(Stored data entries)
○ ○ ○ ○ ○ ○ ○

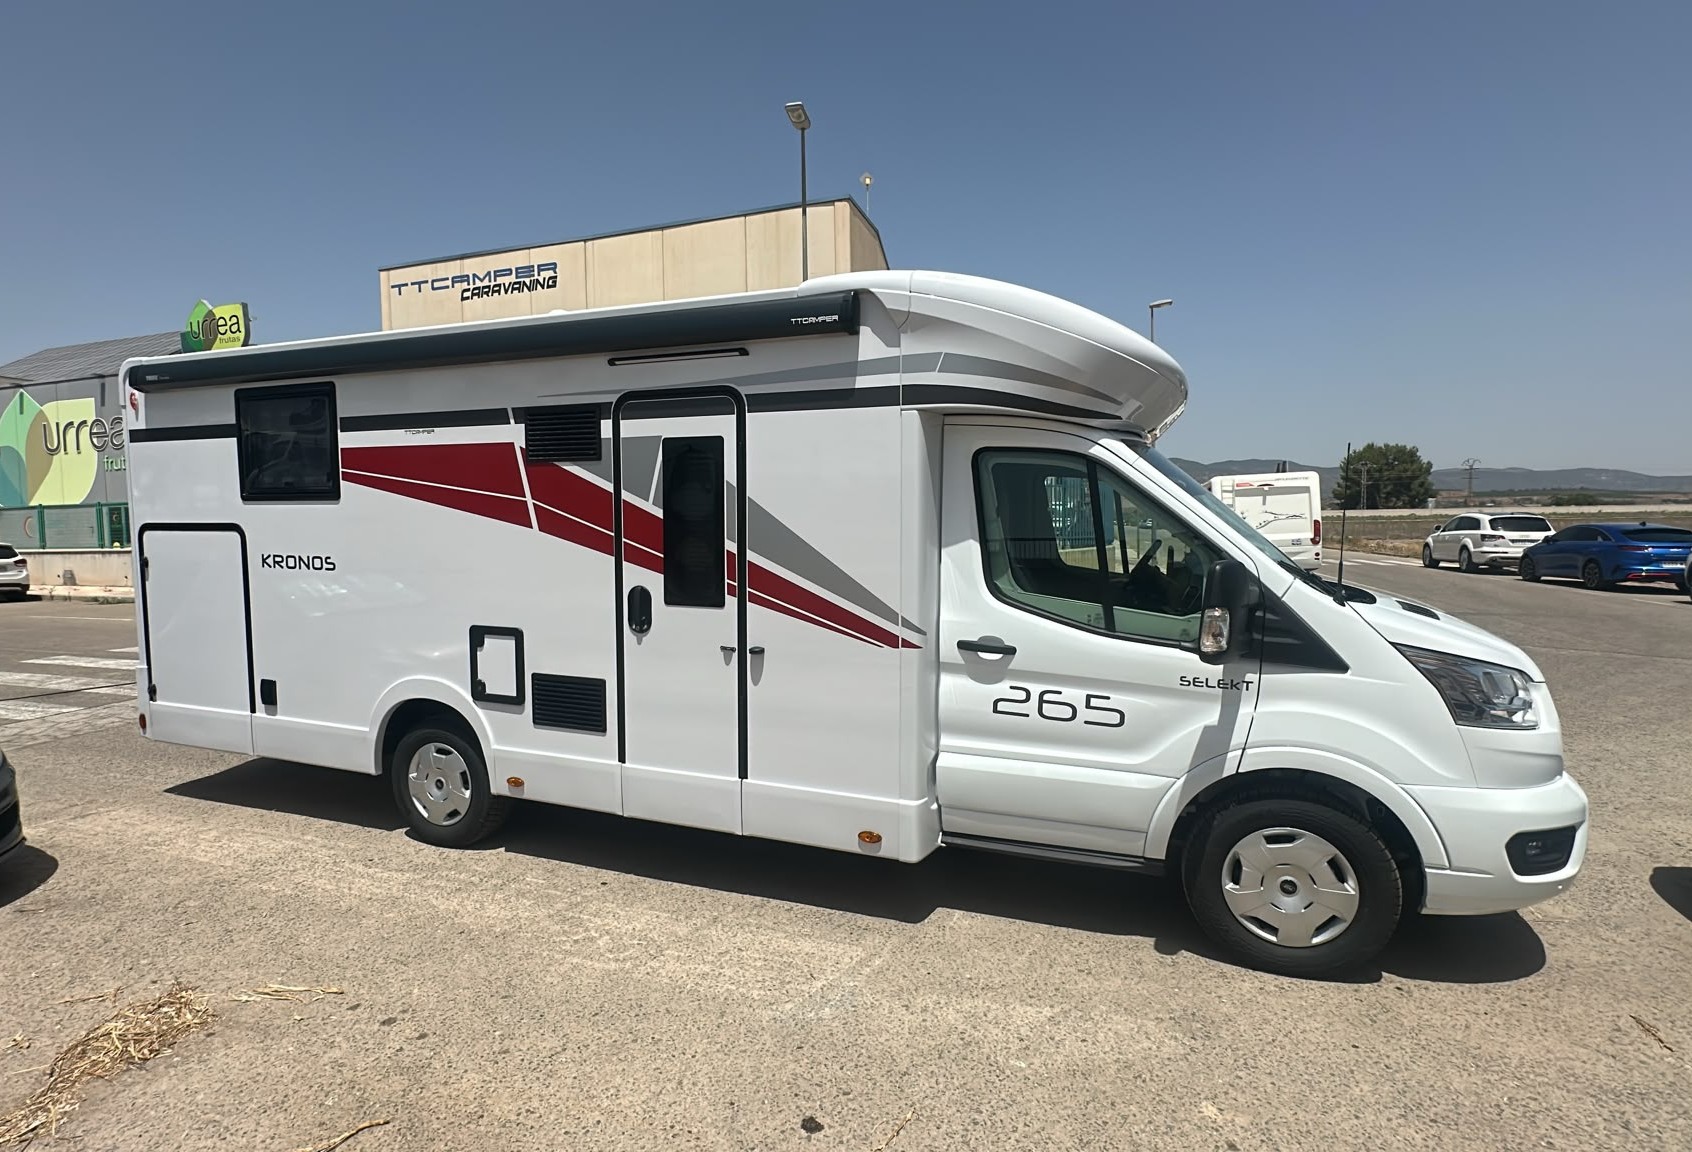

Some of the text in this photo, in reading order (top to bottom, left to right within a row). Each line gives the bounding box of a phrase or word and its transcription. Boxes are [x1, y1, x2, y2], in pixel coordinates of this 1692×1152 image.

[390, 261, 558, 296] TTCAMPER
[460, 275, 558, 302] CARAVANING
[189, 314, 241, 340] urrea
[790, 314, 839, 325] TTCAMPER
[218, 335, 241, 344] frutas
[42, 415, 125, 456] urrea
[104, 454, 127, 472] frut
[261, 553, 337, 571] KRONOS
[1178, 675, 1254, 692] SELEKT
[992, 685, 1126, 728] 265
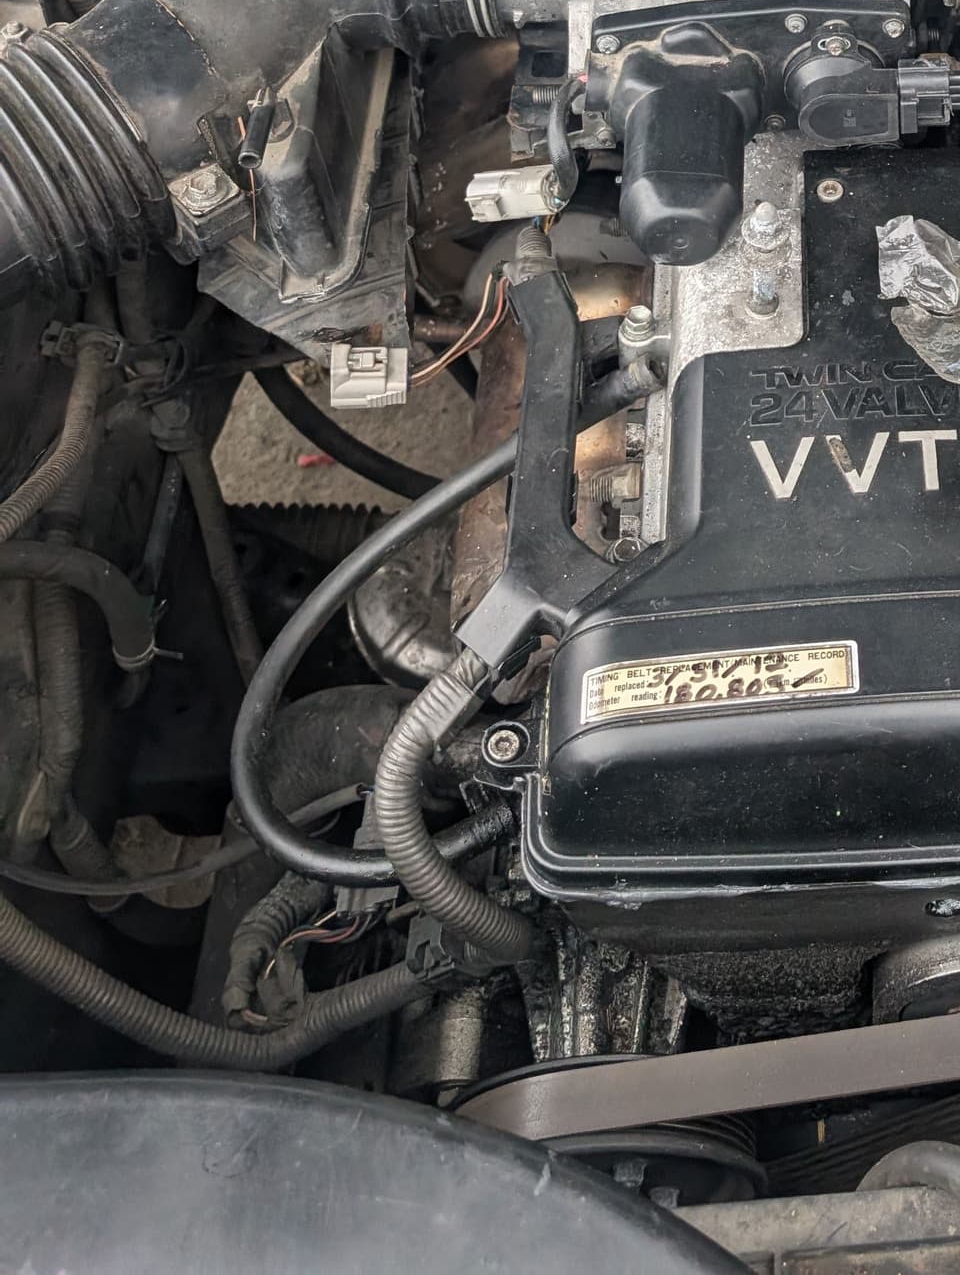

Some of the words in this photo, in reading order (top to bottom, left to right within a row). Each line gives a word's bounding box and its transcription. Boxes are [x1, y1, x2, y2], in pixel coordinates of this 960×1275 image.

○ ○ ○ ○ ○ ○ ○

▶ _Task prompt_:
Return all the lines above exactly; none of the pictures should appear.

▶ _Completed task_:
Some of the text in this photo, in reading order (top to bottom, left to right within a row). Each line gives the bounding box of a phrase or word and its transcription. Boxes are [x1, y1, x2, y2], in pixel coordinates of this 1692×1152 image.

[390, 261, 558, 296] TTCAMPER
[460, 275, 558, 302] CARAVANING
[189, 314, 241, 340] urrea
[790, 314, 839, 325] TTCAMPER
[218, 335, 241, 344] frutas
[42, 415, 125, 456] urrea
[104, 454, 127, 472] frut
[261, 553, 337, 571] KRONOS
[1178, 675, 1254, 692] SELEKT
[992, 685, 1126, 728] 265

Some of the words in this photo, in reading order (top to bottom, left to right within a row). Each line gives a word's bounding box and its transcription. Boxes are [x1, y1, x2, y2], in pixel coordinates of this 960×1275 image.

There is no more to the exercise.